Those irks aside, this week’s episodes were a lot of fun for me. We got what felt like solid forward movement on the Laura Palmer case, a sense of deepening mystery to the show’s mythology, and enough of the good quirky stuff to far outweigh the bad quirky stuff. Besides, the “bad” stuff here is still entertaining in a weird way. It’s a  nearly-enjoyable pain – the strange sensation of experiencing discomfort but kinda reveling in it. Sure, I hate James and Donna, but I’m sort of…liking the way that I hate James and Donna. Does that make sense? It’s oddly fun to watch their now-lifeless, airless, joyless scenes and then write about that here. Now, you get to read about it. Lucky you!

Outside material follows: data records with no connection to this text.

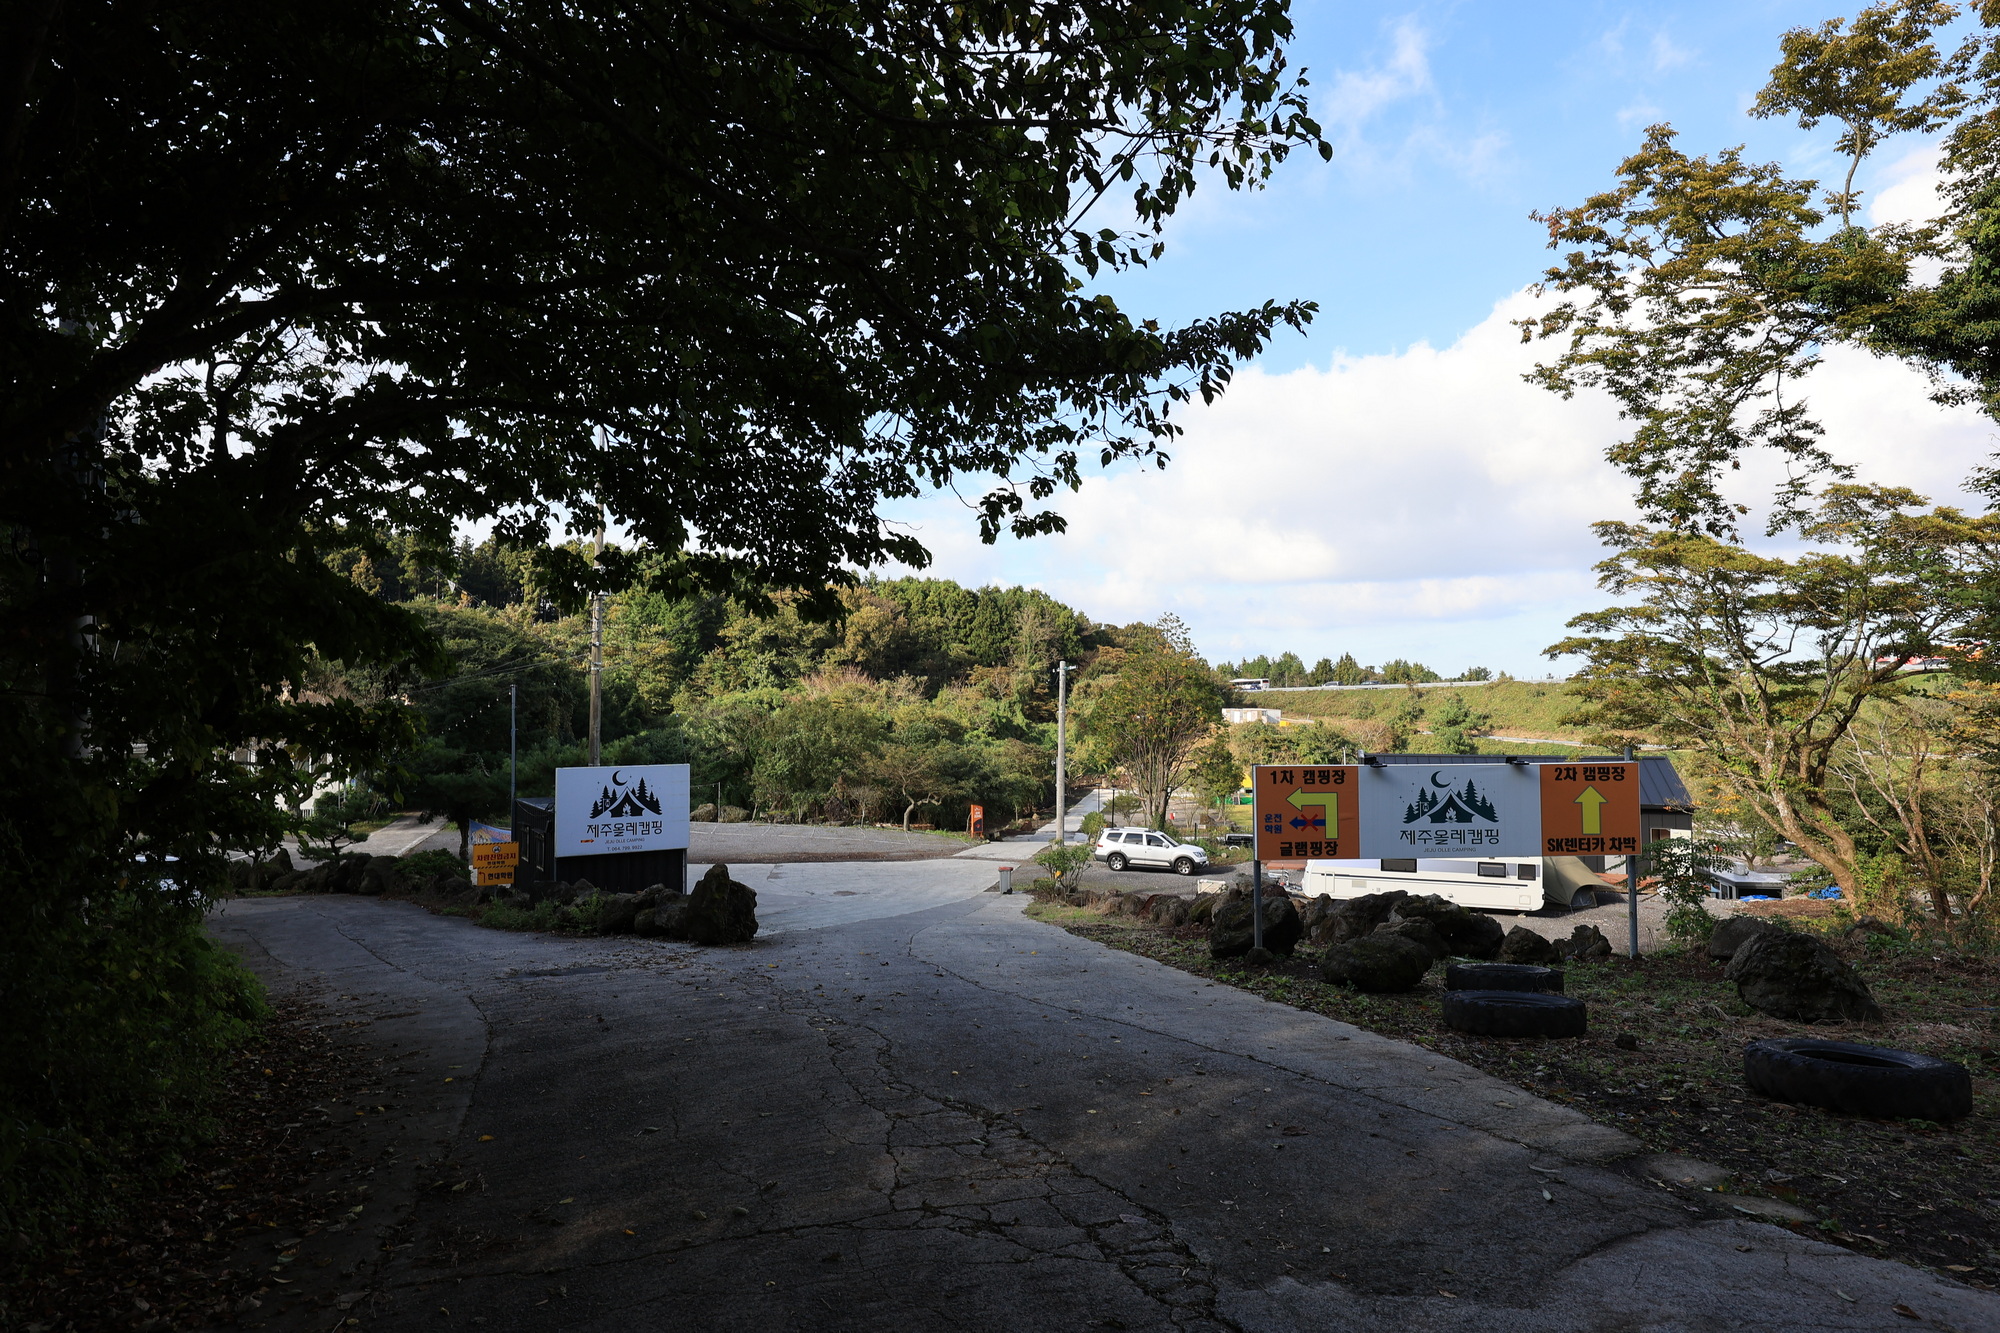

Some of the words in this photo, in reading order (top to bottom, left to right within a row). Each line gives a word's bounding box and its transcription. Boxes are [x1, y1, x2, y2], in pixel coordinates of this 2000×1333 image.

[1270, 770, 1294, 785] 1차
[1302, 769, 1346, 785] 캠핑장
[1554, 767, 1578, 782] 2차
[1582, 766, 1626, 782] 캠핑장
[1264, 813, 1282, 823] 운전
[586, 820, 663, 838] 제주올레캠핑
[1264, 824, 1282, 834] 학원
[1399, 828, 1500, 845] 제주올레캠핑
[1279, 840, 1338, 856] 글램핑장
[1547, 837, 1606, 852] SK렌터카
[1608, 836, 1637, 852] 차박
[487, 871, 513, 880] 현대학원

You also get to vote. Renew or Cancel? I’m still solidly onboard this locomotive and I hope that most of you are too. We’re getting closer to the answer for the question of Who Killed Laura Palmer, and I feel very confident in assuring you that the way it all plays out is worth your time. Cast your ballots in the comments or in the Lost & Found thread. Celebrate democracy, David Lynch, and the virtues of damn fine coffee by exercising your God-given, Chud-enhanced right to freedom of expression. My sincere thanks for reading, for participating, and for your thoughtful/kind emails.

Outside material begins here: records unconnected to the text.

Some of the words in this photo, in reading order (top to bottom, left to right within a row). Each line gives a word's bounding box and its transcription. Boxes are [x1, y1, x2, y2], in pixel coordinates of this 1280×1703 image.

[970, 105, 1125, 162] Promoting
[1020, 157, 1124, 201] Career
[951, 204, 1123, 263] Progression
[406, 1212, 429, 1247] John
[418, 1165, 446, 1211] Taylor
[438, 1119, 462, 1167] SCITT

Thoughts on Cooper’s Dreams:

• The Great Northern is one of those enjoyably preposterous locales that make no real sense, but who cares when it possesses such natural atmosphere and presence? How on earth do you keep a (seemingly large) luxury hotel running in a logging town? Just how many “business junkets” are held there? And why is it that the hotel seems to attract such large numbers of Nordic people? On a thematic level, The Great Northern is interesting because it’s essentially a giant Lodge. Those of you who’ve watched the show before, I’d love to hear your thoughts on this comparison in the spoiler-friendly thread on Chud’s board. Thanks to all of you for keeping the comments here and in the Lost & Found thread so wonderfully spoiler-free.

Jerry: “You see what she gave me? An entire leg of lamb. Is that beautiful?…”

• Jerry Horne pops up again for the first time since episode 1, and I’m damn glad to see him. He always injects an extra measure of madness into his scenes, and he makes Ben Horne a more interesting character simply by existing. Also popping up again: The Ghostwood development project. The Horne Brothers are pushing the Ghostwood idea hard, seemingly solely to Nordic investors. This is a supremely small, bizarre detail. Why Iceland and Norway? It’s probably just one of those quirky touches this show loves so much. But there’s some interesting stuff to be gleaned from this quirky touch. More below.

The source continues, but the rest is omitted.